PROBLEM DESCRIPTION: The answer is to be the data below, written out in full and exactly.

DATA IN THIS EXERCISE Block Start

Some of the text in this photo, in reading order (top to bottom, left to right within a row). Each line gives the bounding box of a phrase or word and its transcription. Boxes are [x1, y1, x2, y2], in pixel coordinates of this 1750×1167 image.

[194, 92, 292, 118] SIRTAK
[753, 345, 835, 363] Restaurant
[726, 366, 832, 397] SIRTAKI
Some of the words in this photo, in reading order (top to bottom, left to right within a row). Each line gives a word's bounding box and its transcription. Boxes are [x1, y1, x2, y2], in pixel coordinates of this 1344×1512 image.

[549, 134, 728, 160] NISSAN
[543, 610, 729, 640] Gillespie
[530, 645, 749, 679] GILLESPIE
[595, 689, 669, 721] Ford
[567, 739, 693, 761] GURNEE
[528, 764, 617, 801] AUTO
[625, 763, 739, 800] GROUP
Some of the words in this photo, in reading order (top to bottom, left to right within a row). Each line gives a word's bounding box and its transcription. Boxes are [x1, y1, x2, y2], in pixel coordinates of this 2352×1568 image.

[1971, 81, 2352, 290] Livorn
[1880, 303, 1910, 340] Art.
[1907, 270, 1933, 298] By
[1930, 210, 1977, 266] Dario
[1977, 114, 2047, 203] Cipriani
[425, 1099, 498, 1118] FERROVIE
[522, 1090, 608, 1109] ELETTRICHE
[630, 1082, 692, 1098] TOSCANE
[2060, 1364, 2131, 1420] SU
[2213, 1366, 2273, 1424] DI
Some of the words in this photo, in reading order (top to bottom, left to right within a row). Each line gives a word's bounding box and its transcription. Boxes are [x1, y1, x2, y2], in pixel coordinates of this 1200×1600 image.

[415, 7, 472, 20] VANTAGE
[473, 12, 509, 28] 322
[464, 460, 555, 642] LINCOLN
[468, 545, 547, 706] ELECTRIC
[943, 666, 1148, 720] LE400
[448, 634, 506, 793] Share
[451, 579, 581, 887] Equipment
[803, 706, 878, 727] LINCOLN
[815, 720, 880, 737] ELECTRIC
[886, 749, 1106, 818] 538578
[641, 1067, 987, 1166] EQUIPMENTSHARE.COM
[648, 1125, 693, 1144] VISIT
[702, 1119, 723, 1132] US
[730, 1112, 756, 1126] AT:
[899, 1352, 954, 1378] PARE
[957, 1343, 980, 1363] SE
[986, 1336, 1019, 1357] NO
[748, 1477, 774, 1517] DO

DATA IN THIS EXERCISE Block End

SOLUTION TO THE PROBLEM:
Some of the text in this photo, in reading order (top to bottom, left to right within a row). Each line gives the bounding box of a phrase or word and its transcription. Boxes are [x1, y1, x2, y2], in pixel coordinates of this 1750×1167 image.

[194, 92, 292, 118] SIRTAK
[753, 345, 835, 363] Restaurant
[726, 366, 832, 397] SIRTAKI
Some of the words in this photo, in reading order (top to bottom, left to right within a row). Each line gives a word's bounding box and its transcription. Boxes are [x1, y1, x2, y2], in pixel coordinates of this 1344×1512 image.

[549, 134, 728, 160] NISSAN
[543, 610, 729, 640] Gillespie
[530, 645, 749, 679] GILLESPIE
[595, 689, 669, 721] Ford
[567, 739, 693, 761] GURNEE
[528, 764, 617, 801] AUTO
[625, 763, 739, 800] GROUP
Some of the words in this photo, in reading order (top to bottom, left to right within a row). Each line gives a word's bounding box and its transcription. Boxes are [x1, y1, x2, y2], in pixel coordinates of this 2352×1568 image.

[1971, 81, 2352, 290] Livorn
[1880, 303, 1910, 340] Art.
[1907, 270, 1933, 298] By
[1930, 210, 1977, 266] Dario
[1977, 114, 2047, 203] Cipriani
[425, 1099, 498, 1118] FERROVIE
[522, 1090, 608, 1109] ELETTRICHE
[630, 1082, 692, 1098] TOSCANE
[2060, 1364, 2131, 1420] SU
[2213, 1366, 2273, 1424] DI
Some of the words in this photo, in reading order (top to bottom, left to right within a row). Each line gives a word's bounding box and its transcription. Boxes are [x1, y1, x2, y2], in pixel coordinates of this 1200×1600 image.

[415, 7, 472, 20] VANTAGE
[473, 12, 509, 28] 322
[464, 460, 555, 642] LINCOLN
[468, 545, 547, 706] ELECTRIC
[943, 666, 1148, 720] LE400
[448, 634, 506, 793] Share
[451, 579, 581, 887] Equipment
[803, 706, 878, 727] LINCOLN
[815, 720, 880, 737] ELECTRIC
[886, 749, 1106, 818] 538578
[641, 1067, 987, 1166] EQUIPMENTSHARE.COM
[648, 1125, 693, 1144] VISIT
[702, 1119, 723, 1132] US
[730, 1112, 756, 1126] AT:
[899, 1352, 954, 1378] PARE
[957, 1343, 980, 1363] SE
[986, 1336, 1019, 1357] NO
[748, 1477, 774, 1517] DO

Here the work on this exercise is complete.